** PROBLEM TO SOLVE **
Exact transcription with no images: write out all of the entries below.

_ _ _ _

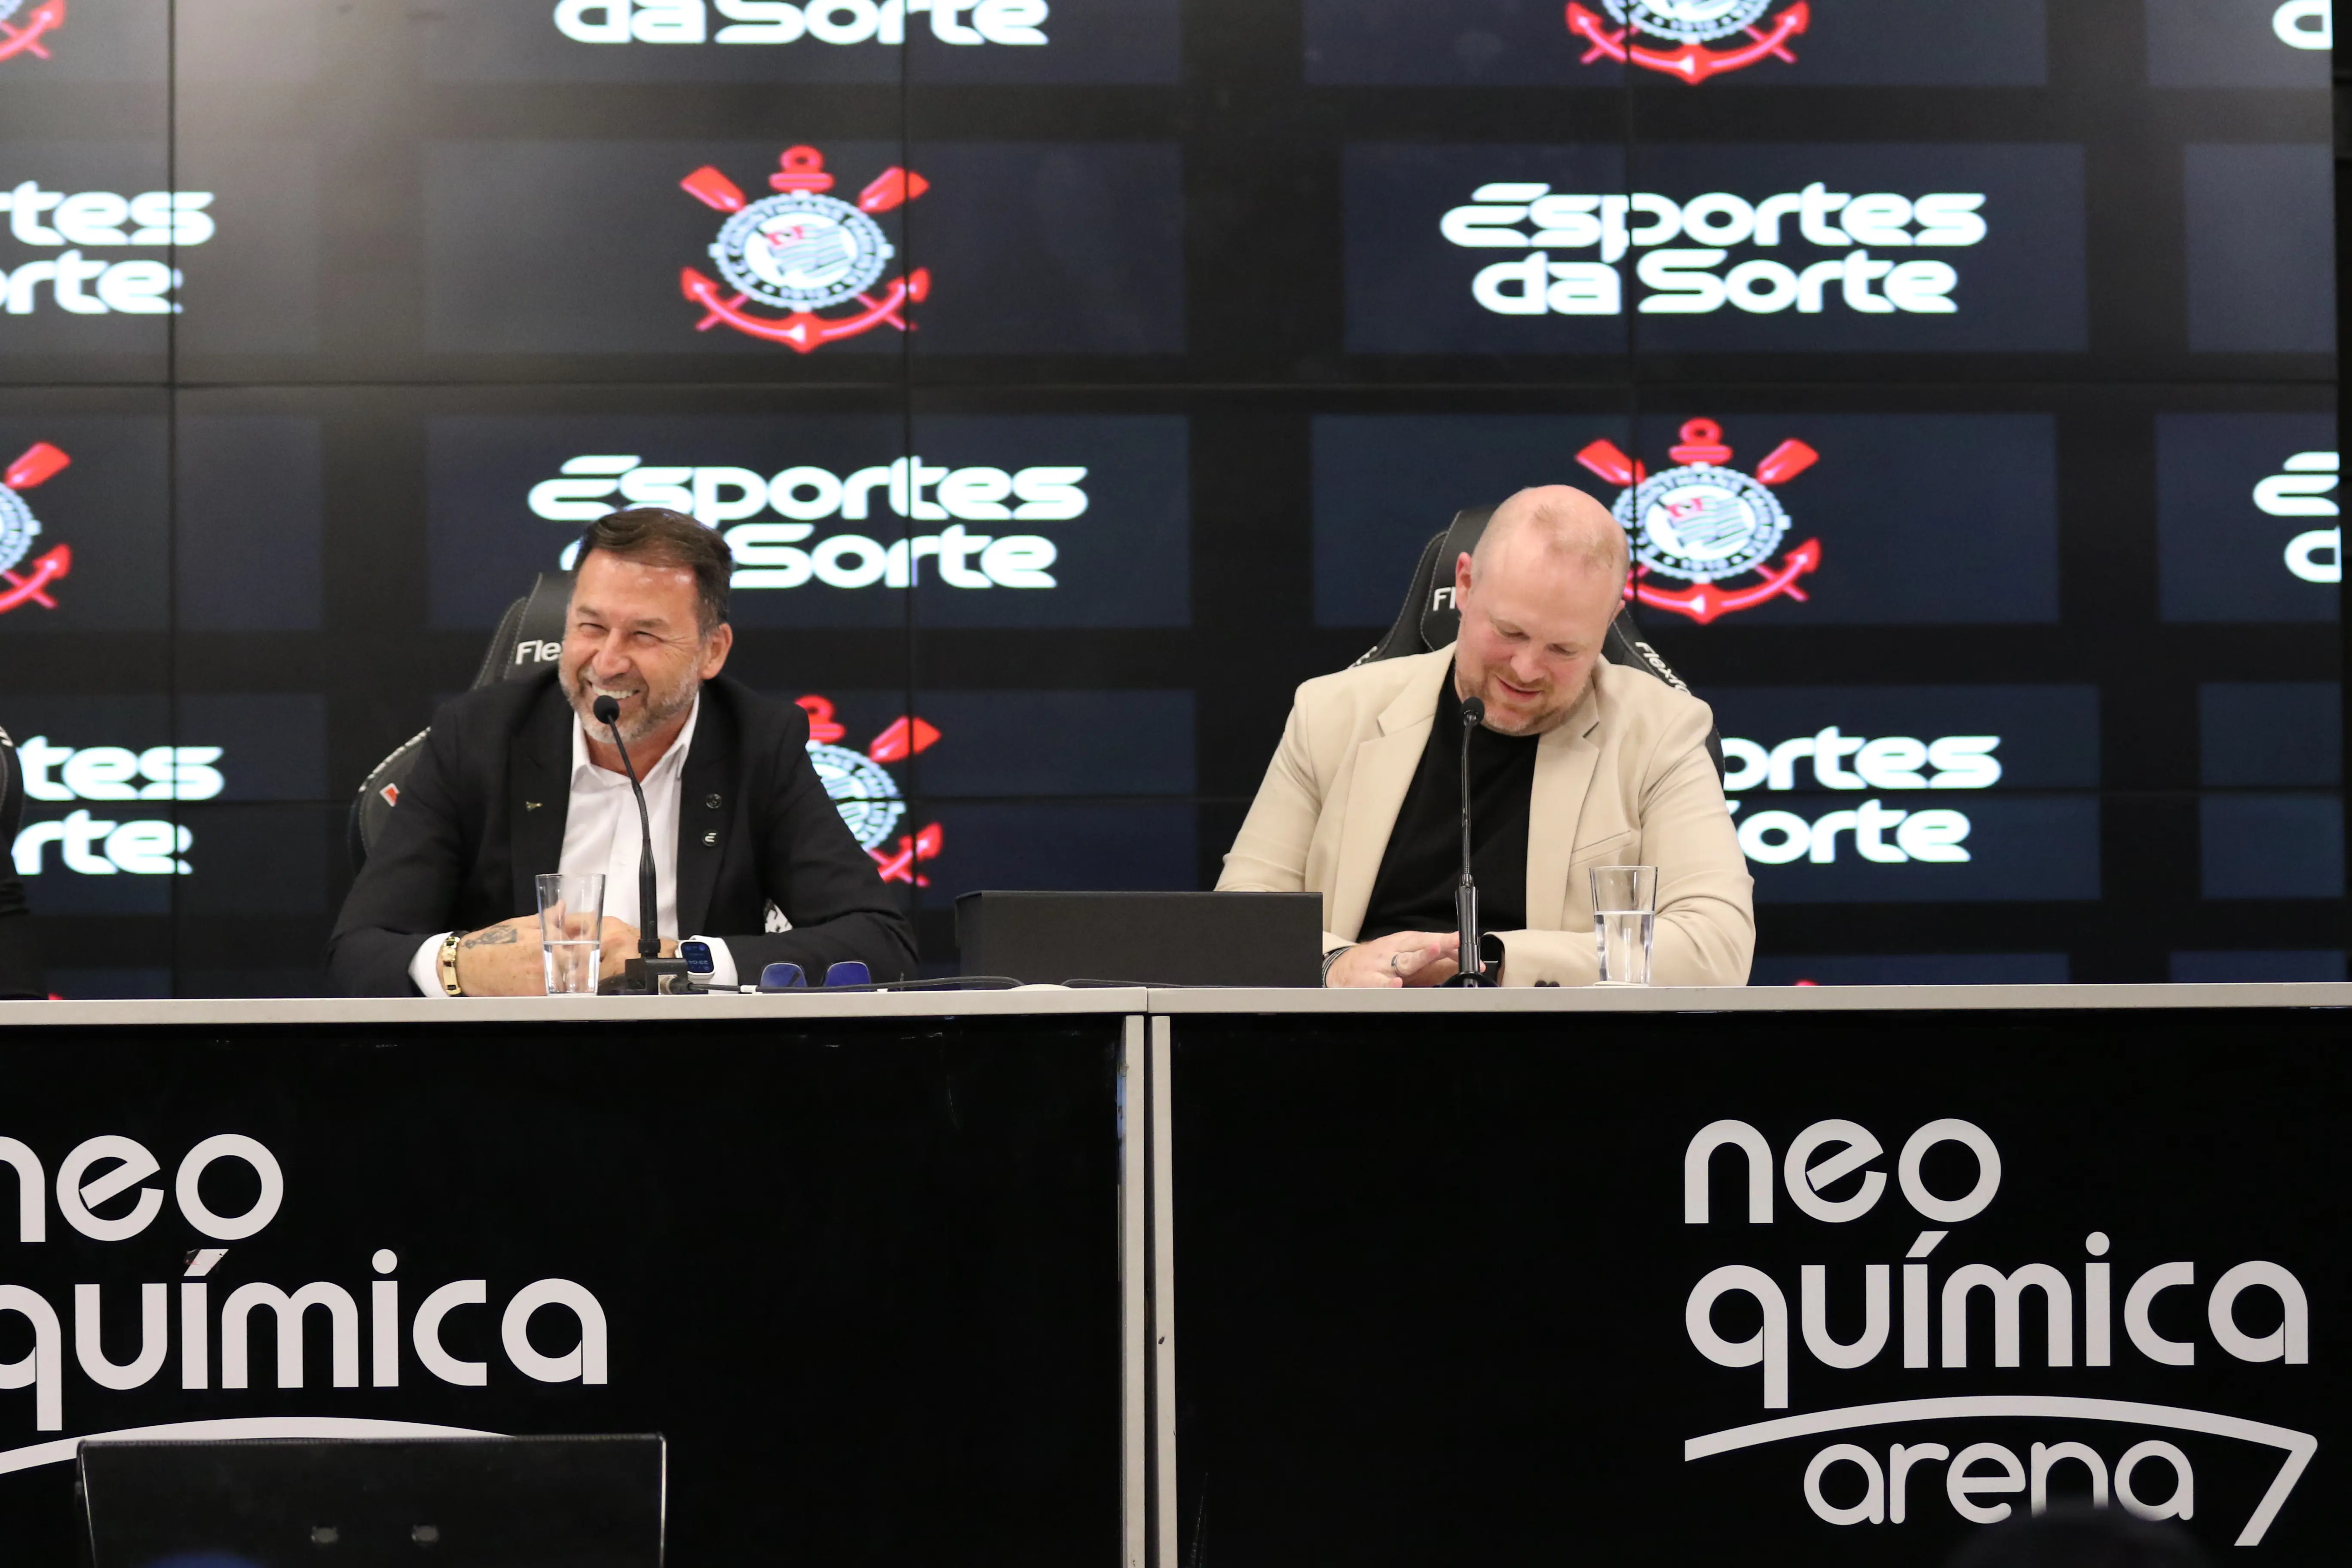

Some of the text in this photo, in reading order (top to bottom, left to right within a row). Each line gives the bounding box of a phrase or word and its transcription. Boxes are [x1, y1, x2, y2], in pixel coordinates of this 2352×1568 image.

[0, 180, 215, 246] tes
[1440, 182, 1987, 263] Esportes
[0, 249, 183, 315] rte
[1473, 249, 1957, 315] da Sorte
[528, 455, 1088, 530] Esportes
[1727, 799, 1971, 863] orte
[1684, 1118, 2001, 1224] neo
[1685, 1230, 2309, 1409] química
[1804, 1440, 2194, 1525] arena

_ _ _ _

** SOLUTION TO THIS PROBLEM **
Some of the text in this photo, in reading order (top to bottom, left to right within a row). Each line gives the bounding box of a phrase or word and its transcription. Boxes are [x1, y1, x2, y2], in pixel coordinates of this 2352×1568 image.

[0, 180, 215, 246] tes
[1440, 182, 1987, 263] Esportes
[0, 249, 183, 315] rte
[1473, 249, 1957, 315] da Sorte
[528, 455, 1088, 530] Esportes
[1727, 799, 1971, 863] orte
[1684, 1118, 2001, 1224] neo
[1685, 1230, 2309, 1409] química
[1804, 1440, 2194, 1525] arena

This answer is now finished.